The first thing I did in Ningde was familiarizing myself thoroughly with things. I was filled with admiration for its people. They had for several years worked hard and laboriously and had made a great effort. People in the eastern part of Fujian province were known for their great effort during the war. After the liberation of China, the region had become a front line at the East China Sea and their best harbour had been taken over by the navy. In Ningde they had built the first medium-sized hydroelectric power station of the province. From here electricity was led on to the whole province and to the urban centres. You could see that people in Ningde had diligently given their contribution to the economic development of the province. It wasn’t that people did not work, but the natural conditions of the county had its limitations. Of course there were also things that could be done better. Many things were still in the old grove, and original thinking was lacking.
But just as I had come to Ningde inflation rose, the economy became overheated, and the central government implemented a strict economic policy. The economic situation allowed no extraordinary economic initiatives. Everybody wanted a change and hoped that I could contribute to it. But I had no smart solution and did not come with a miracle. Therefore, the only thing I could say was that the economic crisis was an occasion and a motivation for everybody to join hands. My greatest worry was that we should plunge into unsafe projects. The time was not for that. It would have been easy to make a rousing and enthusiastic speech, arouse their enthusiasm and utilize everybody’s motivation to pitch into work. But that might easily have resulted in grave disappointment. So that wasn’t what I did.
My procedure was to light a small fire to warm up the water, keep the fire burning and now and again pour some more cold water in, so that the kettle did not boil over. People told me that they wanted to get three great projects going: Building a harbour at Sandu´ao[8], establishing a railway-line to Ningde and putting greater emphasis on developing the cities in the county. I answered that that kind of project needed developing slowly, as our economic foundation was still weak, and that we should not aim too high. At first we had to analyse the facts and create a robust economic foundation. Even if it takes a long time even a drop can hollow out a stone.
The last thing I have heard is that my plans for the development of the county did not miss the mark. After 12 years of thorough preparations the State Council has now approved prioritizing developing the cities. A railway line has been projected, while building a harbour is still being made researches into. Praxis has shown that with Ningde’s conditions no miracle will happen overnight.
There were several challenges, and it was a steady pull. But as in the race between the tortoise and the hare you may finally reach the goal and win. Carrying out the plans took a long time, and I myself did not count on leaving Ningde at once.
I set four goals for myself: To encourage thinking along new lines, building a solid group of leaders, taking initiatives to fight poverty and exploiting Ningde’s special economic possibilities as a mountainous area near the coast.

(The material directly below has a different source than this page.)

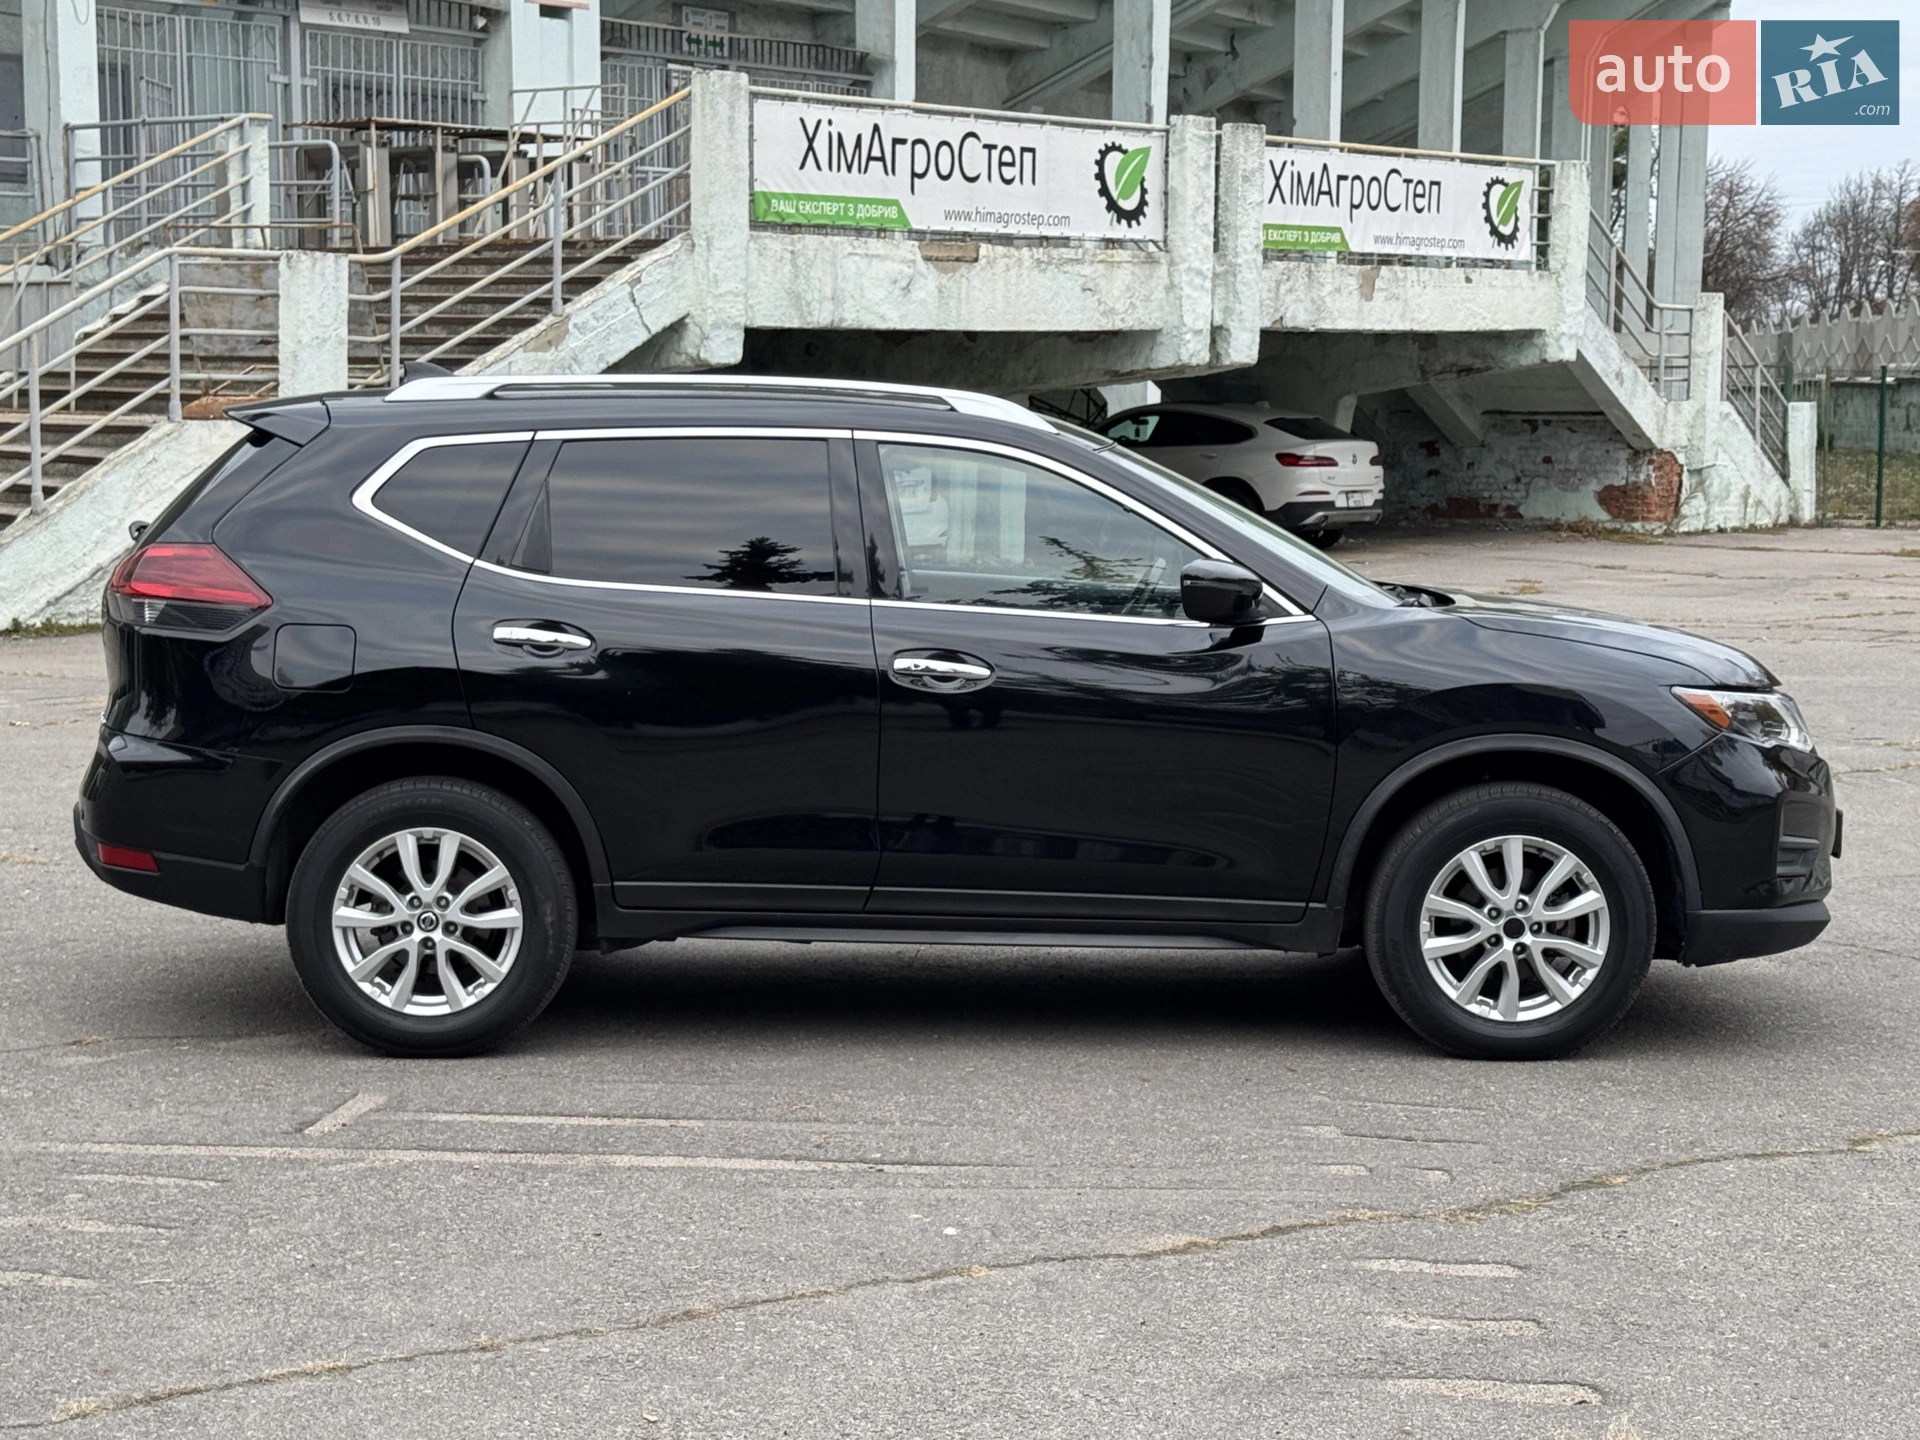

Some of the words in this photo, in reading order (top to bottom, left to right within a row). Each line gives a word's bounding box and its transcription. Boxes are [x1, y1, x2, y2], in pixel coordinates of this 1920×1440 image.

I left Ningde after two years because the provincial government wanted me back here in Fuzhou. Even if my time in Ningde was brief, I came to love the place very much. Now many years later, Ningde is still one of the places that I am greatly attached to.
Yang: These years several people talk about many officials coming with ‘new brooms’ to a new job, get a couple of new projects going to leave again after a short period. You yourself have talked about how important it is having patience. I have visited a good many places but have only met very few officials thinking like you. Many people believe that officials first and foremost aim at a success to get promoted and to create results to further their own career. Do you have any comments on that?
Xi: Promotion is only something external. If a promotion is well founded, it is only one of several signs that the individual has achieved results in his work. A promotion can be seen as an expression of recognition from management and colleagues. But you must remember that promotion in itself is not the full and true assessment of an official as a person. Promotion alone does not tell the whole story about an official. Our system of assessment is still not perfect and makes evaluating an official very difficult. Both objective and subjective factors come in, and in the final analysis that means that the assessment is imperfect.
When I have left a post, I have always thought back on my colleagues, I have summed up my impressions and found that I also sometimes have posted my colleagues wrongly. Some were posted wrongly because I thought they were better than they actually were, others because I thought they were poorer than they actually were. That was because I did not compare their efforts and immediate progress with their personal motivation. Therefore, one may easily happen to promote the wrong colleagues if one does not view their efforts in a larger perspective. As an organization and as management we do not have a final set of criteria when it comes to assessing a colleague and deciding if the person in question is to be promoted.
Yang: Of course I do not know your entire background, but you have had a career as an official for over 20 years. Is it not true that – unlike some officials who have promotion as their ultimate goal – you have a fundamental wish to do something good for society?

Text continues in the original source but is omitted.